Vivía, vivía mientras pensaba- “No podría estar más satisfecho
de mi mismo”-.
Como cualquier tarde cayó la noche, el horizonte oscureció.
Oscureció para no volver a aclararse con la luminosidad de la belleza. En
aquella noche cada uno de los habitantes de dicha ciudad perdió su hermosura,
sus cuerpos comenzaron a filtrarse de imperfecciones, desdichas y errores… de
enfermedades y miedos, sonrisas y llantos. Exceptuando a uno, a Sarastro.
La ciudad de la perfección pasó a llamarse Mundo. Todo
estaba establecido.
Cien días y cien noches conviviendo con la imperfección. Sarastro dejo de ser adorado por las gentes.

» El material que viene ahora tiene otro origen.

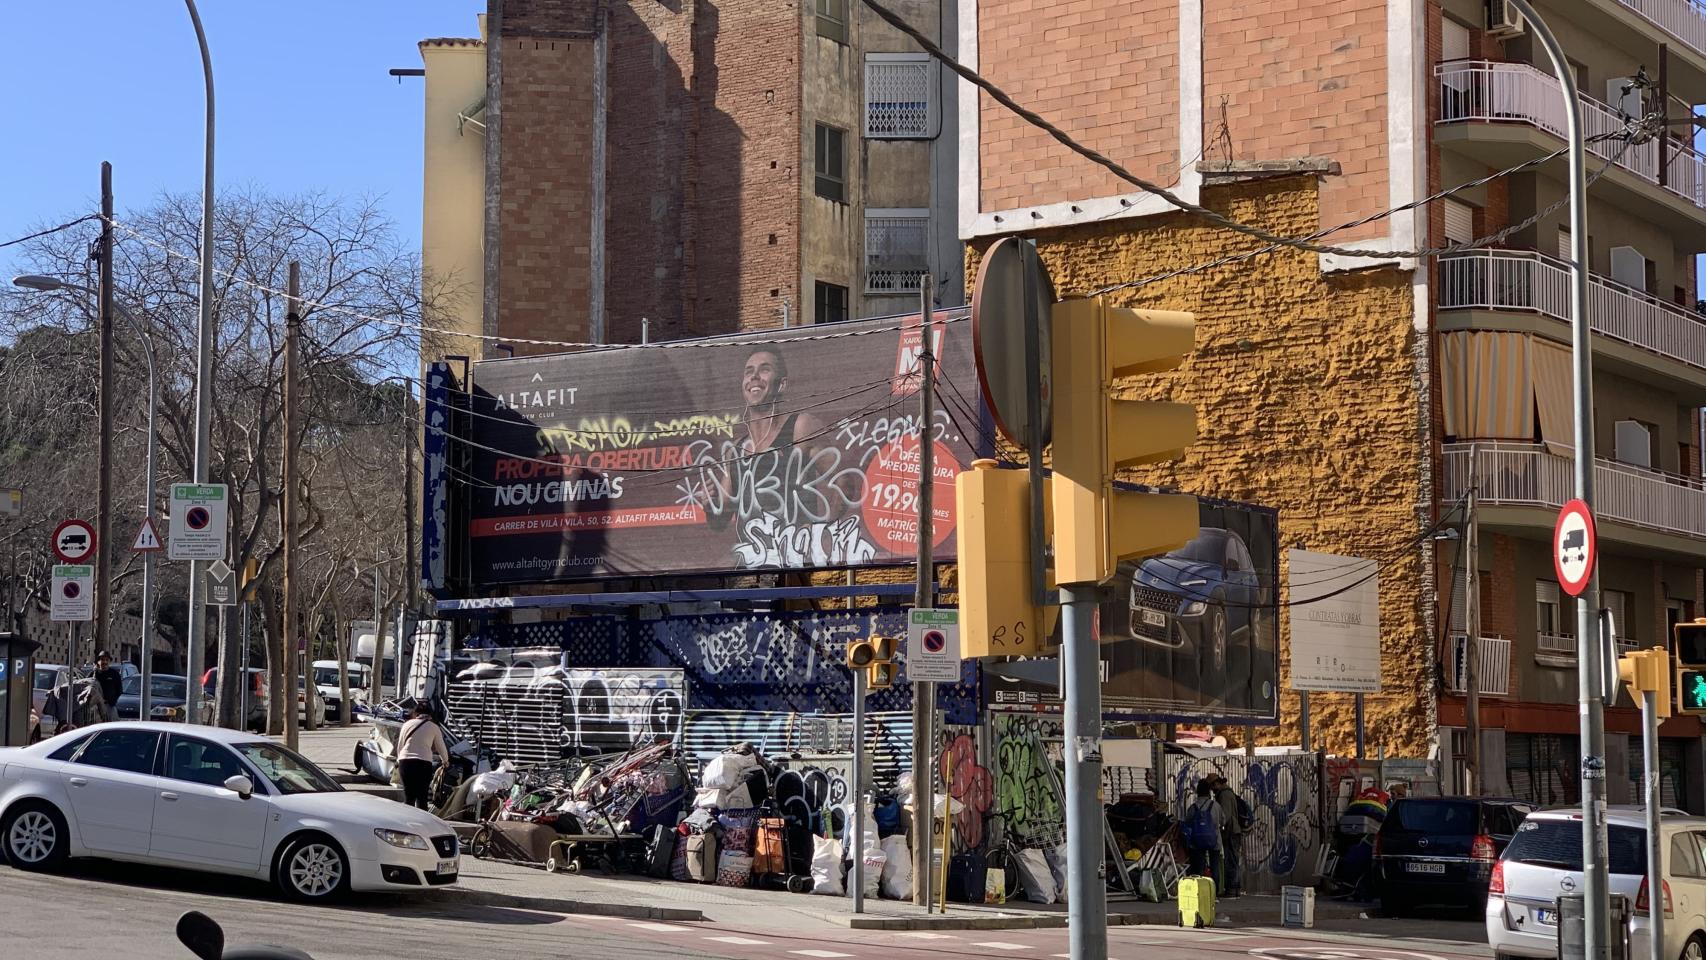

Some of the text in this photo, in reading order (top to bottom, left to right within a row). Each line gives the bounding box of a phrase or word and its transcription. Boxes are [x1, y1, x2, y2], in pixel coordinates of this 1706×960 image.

Nadie podía adorar algo que estaba sobrepasando el límite de lo instaurado.
¿Cómo iban a poder?
Desde el primer momento de aquel repentino cambio fue repudiado,
rechazado por sus notables diferencias. Aquella masa de gente ya no podía comprender cierta luminosidad. Su felicidad se esfumaba como un
castillo de arena construido en la orilla en un día de oleaje. Cien días y cien
noches fueron suficientes para conseguir que Sarastro se fuese consumiendo de
tristeza y de inseguridad. A la ciento y una noche murió. Murió por su ingrata
belleza. Por corromper.
Moría, moría mientras pensaba – “No podría estar más
insatisfecho de mí mismo”-.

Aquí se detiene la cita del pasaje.